» **WHAT TO PRODUCE**:
Print each entry in full, word for word, with no pictures in the result.
DATASET section start
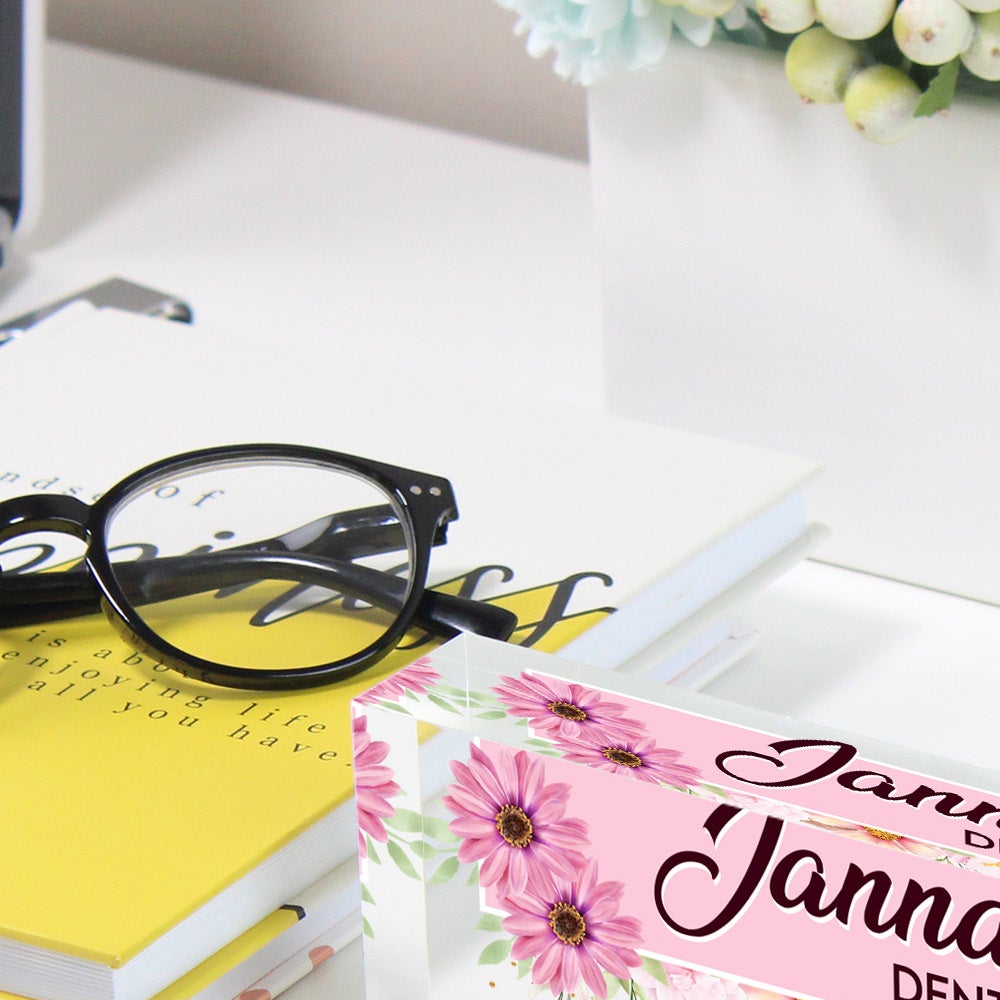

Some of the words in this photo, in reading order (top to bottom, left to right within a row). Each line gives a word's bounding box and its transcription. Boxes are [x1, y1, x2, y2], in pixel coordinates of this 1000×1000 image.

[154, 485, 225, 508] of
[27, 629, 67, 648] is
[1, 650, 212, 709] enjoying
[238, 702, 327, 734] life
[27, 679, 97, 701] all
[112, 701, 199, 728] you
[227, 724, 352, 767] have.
DATASET section end
» **OUTPUT OF THE TASK**:
Some of the words in this photo, in reading order (top to bottom, left to right within a row). Each line gives a word's bounding box and its transcription. Boxes are [x1, y1, x2, y2], in pixel coordinates of this 1000×1000 image.

[154, 485, 225, 508] of
[27, 629, 67, 648] is
[1, 650, 212, 709] enjoying
[238, 702, 327, 734] life
[27, 679, 97, 701] all
[112, 701, 199, 728] you
[227, 724, 352, 767] have.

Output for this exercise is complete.